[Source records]
********
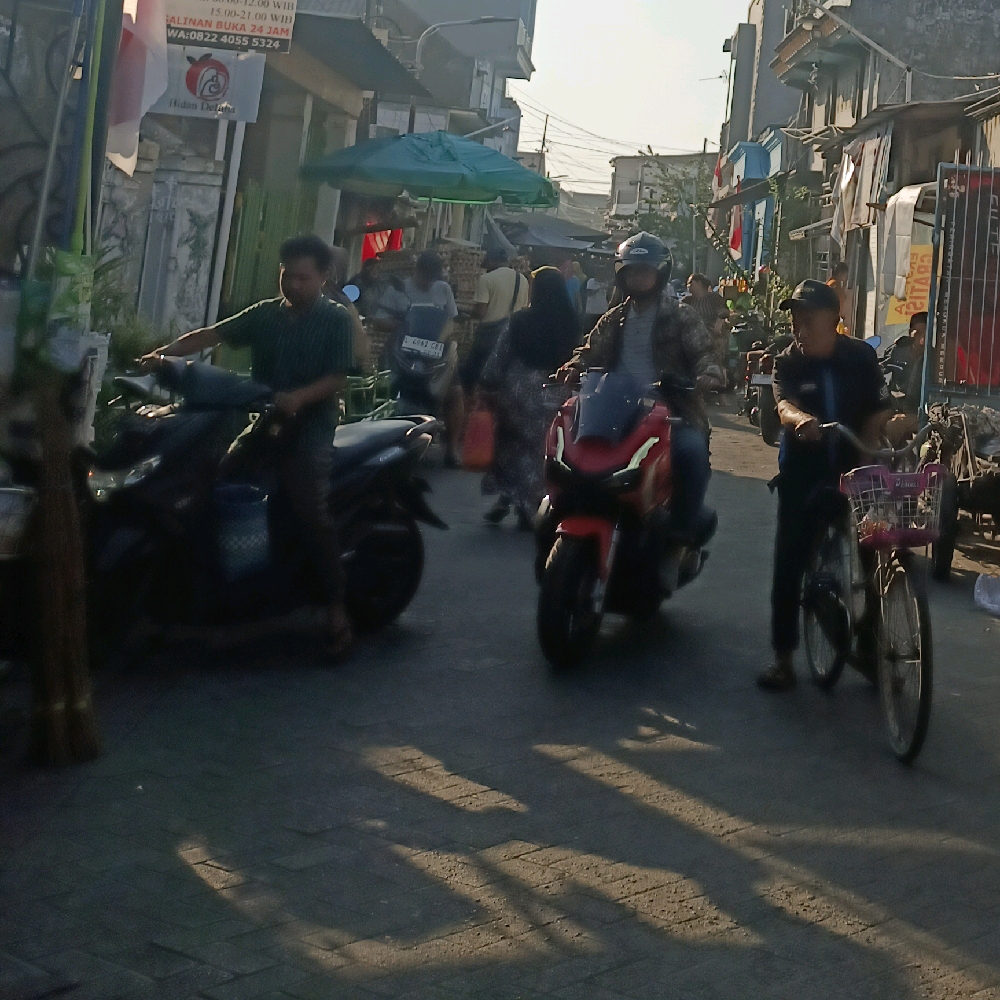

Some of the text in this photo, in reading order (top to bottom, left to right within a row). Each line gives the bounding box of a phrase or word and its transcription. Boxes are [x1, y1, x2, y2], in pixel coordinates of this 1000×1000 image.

[272, 0, 295, 10] WIB
[210, 7, 293, 24] 15.00-21.00 WIB
[215, 20, 246, 32] BUKA
[250, 23, 263, 34] 24
[266, 26, 290, 37] JAM
[220, 34, 250, 46] 4055
[251, 37, 281, 49] 5324
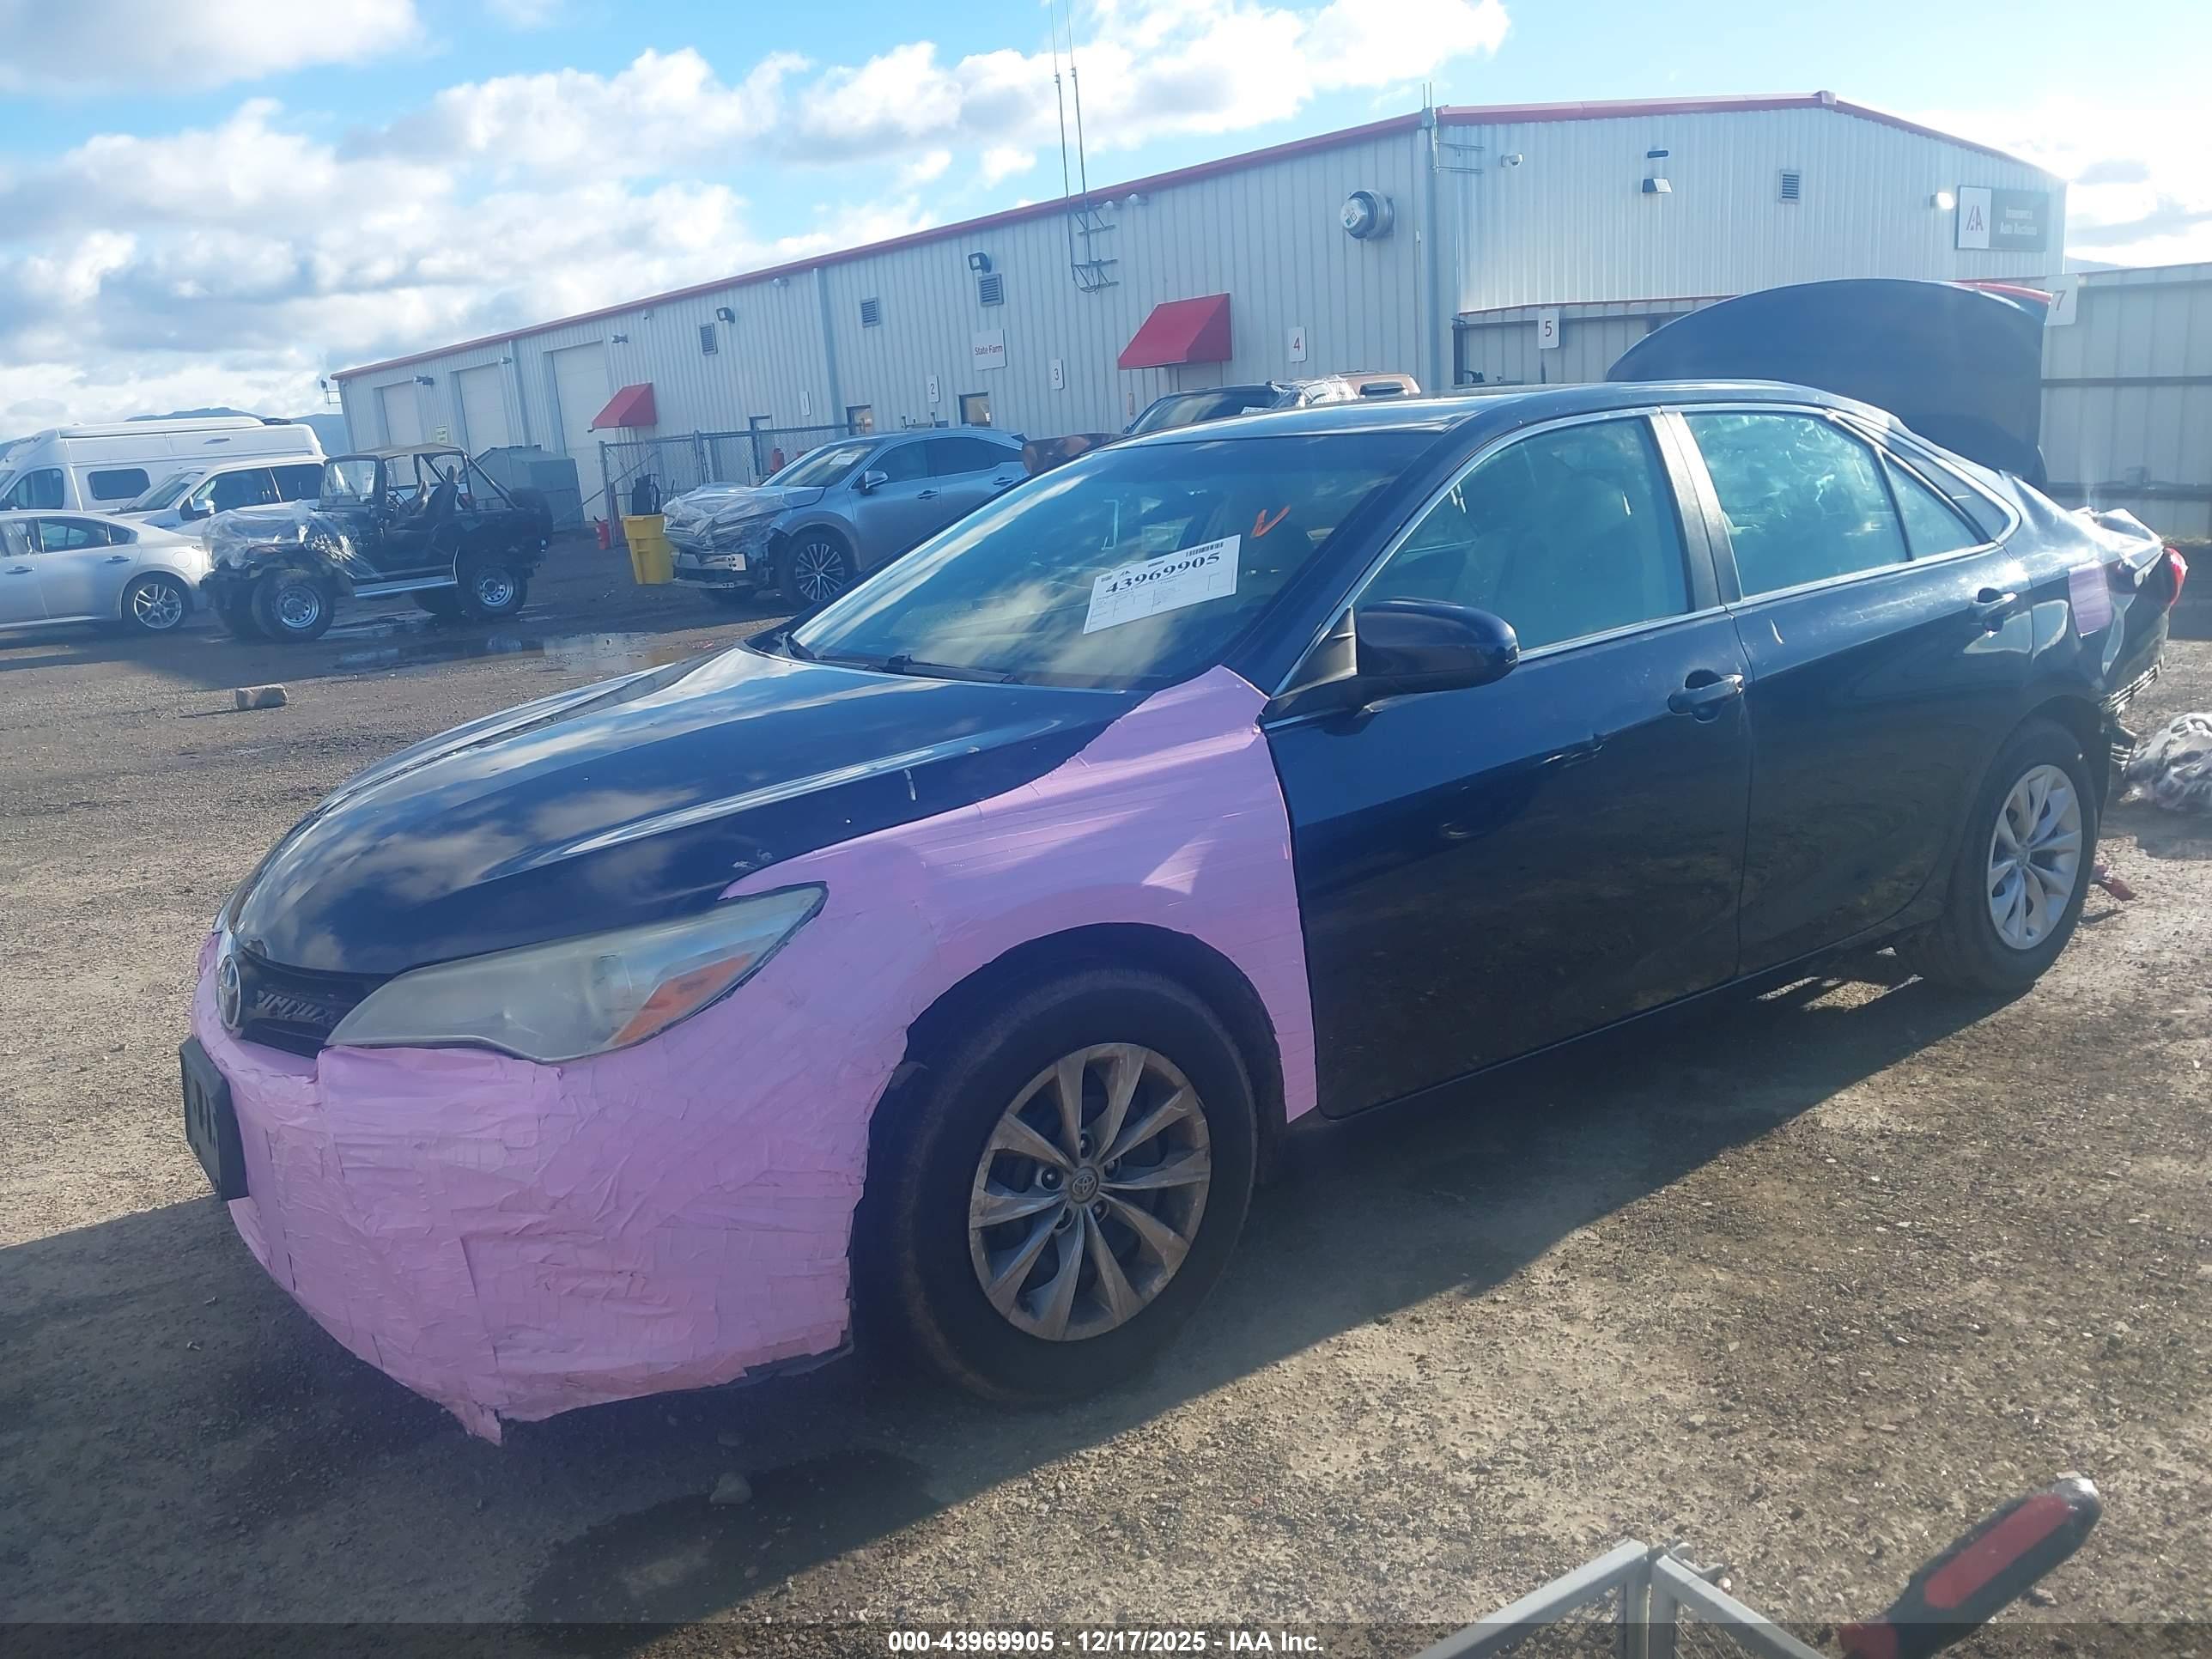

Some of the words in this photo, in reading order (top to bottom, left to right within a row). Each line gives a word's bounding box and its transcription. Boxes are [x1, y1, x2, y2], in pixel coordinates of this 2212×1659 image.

[2055, 289, 2067, 312] 7
[1545, 319, 1553, 337] 5
[988, 344, 1004, 354] Farm
[1293, 336, 1301, 351] 4
[1054, 368, 1060, 381] 3
[930, 383, 936, 395] 2
[1105, 551, 1221, 594] 43969905
********
What you are asked to do: Return a verbatim transcription of the data, omitting all images.

Problem solution:
Some of the text in this photo, in reading order (top to bottom, left to right within a row). Each line gives the bounding box of a phrase or word and its transcription. Boxes are [x1, y1, x2, y2], in pixel coordinates of this 1000×1000 image.

[272, 0, 295, 10] WIB
[210, 7, 293, 24] 15.00-21.00 WIB
[215, 20, 246, 32] BUKA
[250, 23, 263, 34] 24
[266, 26, 290, 37] JAM
[220, 34, 250, 46] 4055
[251, 37, 281, 49] 5324

Some of the words in this photo, in reading order (top to bottom, left to right within a row). Each line gives a word's bounding box and its transcription. Boxes are [x1, y1, x2, y2], in pixel coordinates of this 2212×1659 image.

[2055, 289, 2067, 312] 7
[1545, 319, 1553, 337] 5
[988, 344, 1004, 354] Farm
[1293, 336, 1301, 351] 4
[1054, 368, 1060, 381] 3
[930, 383, 936, 395] 2
[1105, 551, 1221, 594] 43969905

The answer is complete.